Literals scan (advisory — never blocks)
What it catches: UUIDs and other task-id-shaped literals baked
into authored tools/*.py or processors/*.py — the "works only on
the one task the author memorised, silently degrades every other"
anti-pattern.
python -m harnessx.meta_harness.validate_workflow literals \
<output_dir> <output_dir>/_meta_scratch
Output: {"ok": true, "findings": N}. Always exits 0. Findings
are written to _meta_scratch/TASK_SPECIFIC_LITERALS.md regardless.

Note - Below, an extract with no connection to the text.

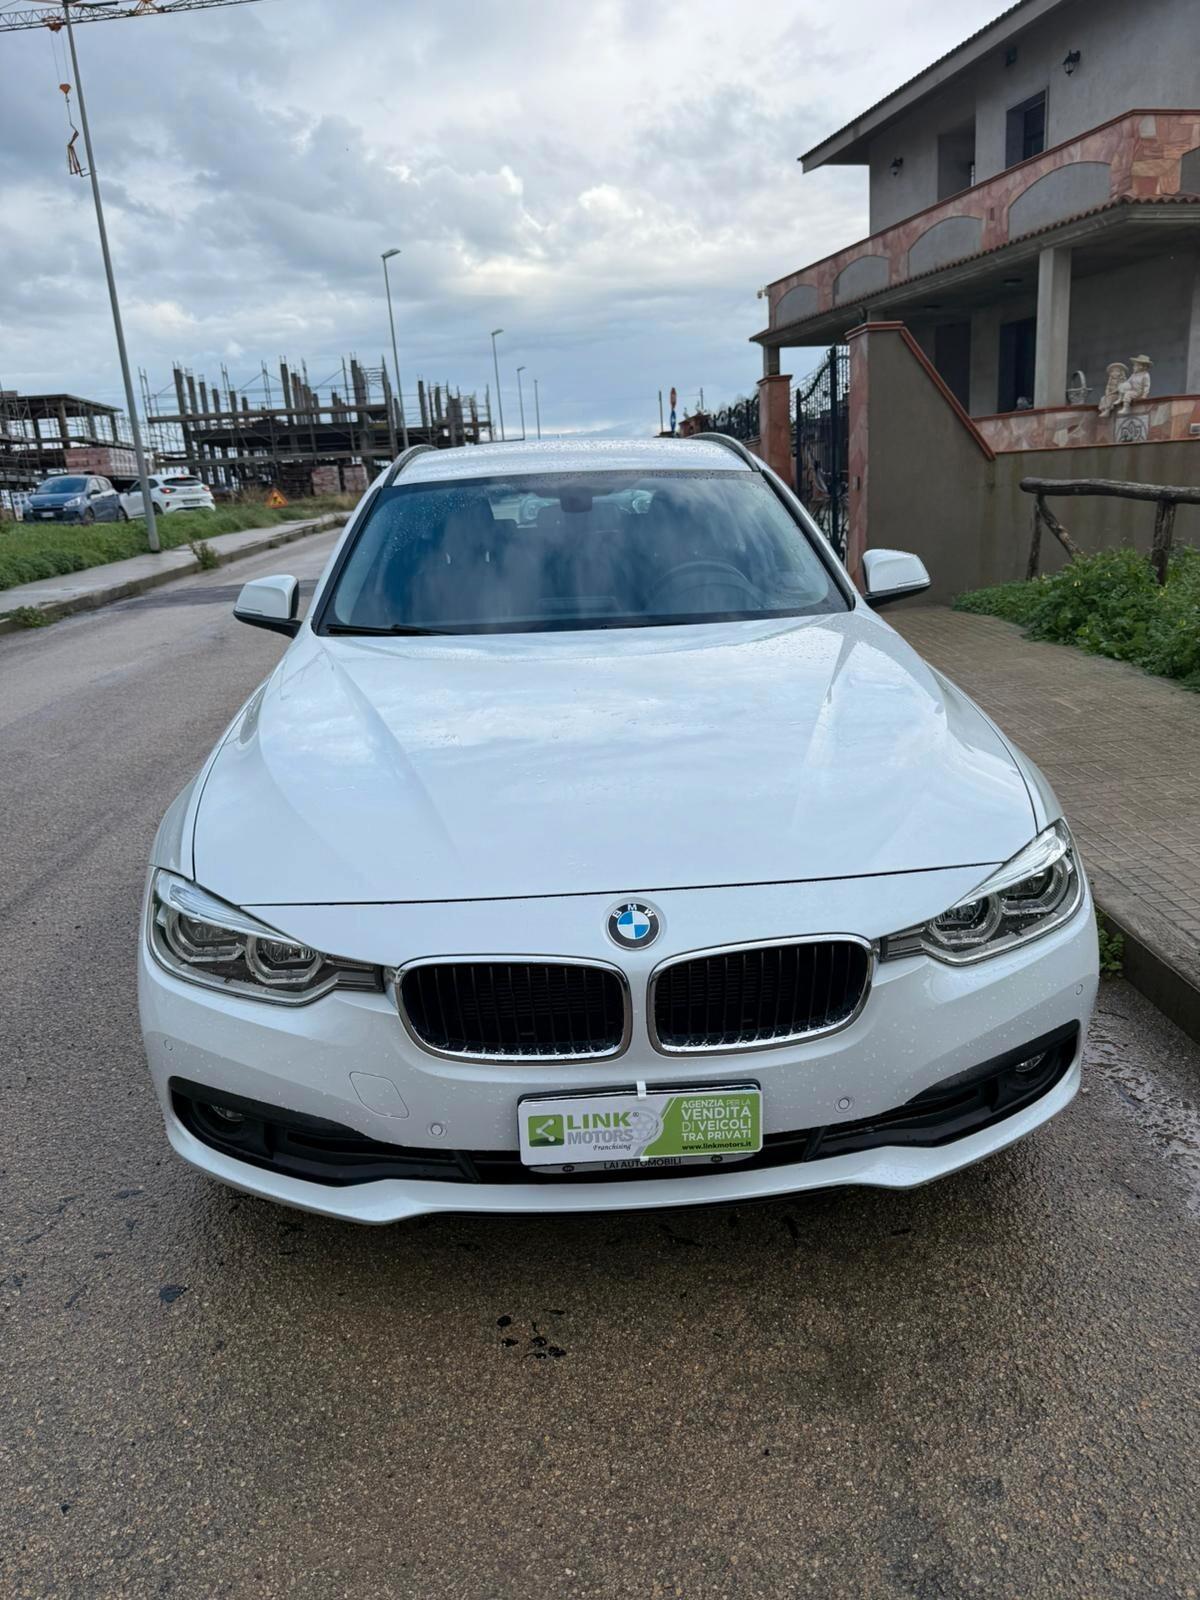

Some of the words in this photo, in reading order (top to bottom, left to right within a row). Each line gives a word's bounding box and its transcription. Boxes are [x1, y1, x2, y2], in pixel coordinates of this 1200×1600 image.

The post-flight workflow also emits LITERALS_WARNING.md when
findings > 0 so the next round's agent surfaces the warning.
This used to be a blocking validator; it has been demoted because
hardcoded task-id patterns are best caught by "the next round
fails to generalise on the broader task set", not by a syntactic
heuristic. Fix what it finds anyway — such code almost never
survives.
Suggested self-validation loop
Before end_turn, after you've written everything:
python -m harnessx.meta_harness.validate_workflow canonicalize \
<output_dir>/config.yaml
python -m harnessx.meta_harness.validate_workflow dry_fire \
<output_dir>/config.yaml <output_dir>/_meta_scratch
python -m harnessx.meta_harness.validate_workflow contract \
<output_dir>/config.yaml <output_dir>/_meta_scratch
python -m harnessx.meta_harness.validate_workflow literals \
<output_dir> <output_dir>/_meta_scratch
If 1-3 print "ok": true, the static bugs are out. 4 is advisory
regardless. Synthetic replay still runs after you stop — "static
clean" is not the same as "the round passes". If 1-3 print
"ok": false, read the artifact they name, fix, re-run.
Running these is cheap (seconds). The alternative — ending your
turn with a broken artifact and hard-failing the round — is
expensive: there is no retry, and the reasoning that produced the
broken artifact is no longer in context by the time the orchestrator
sees the failure. Prefer the self-check.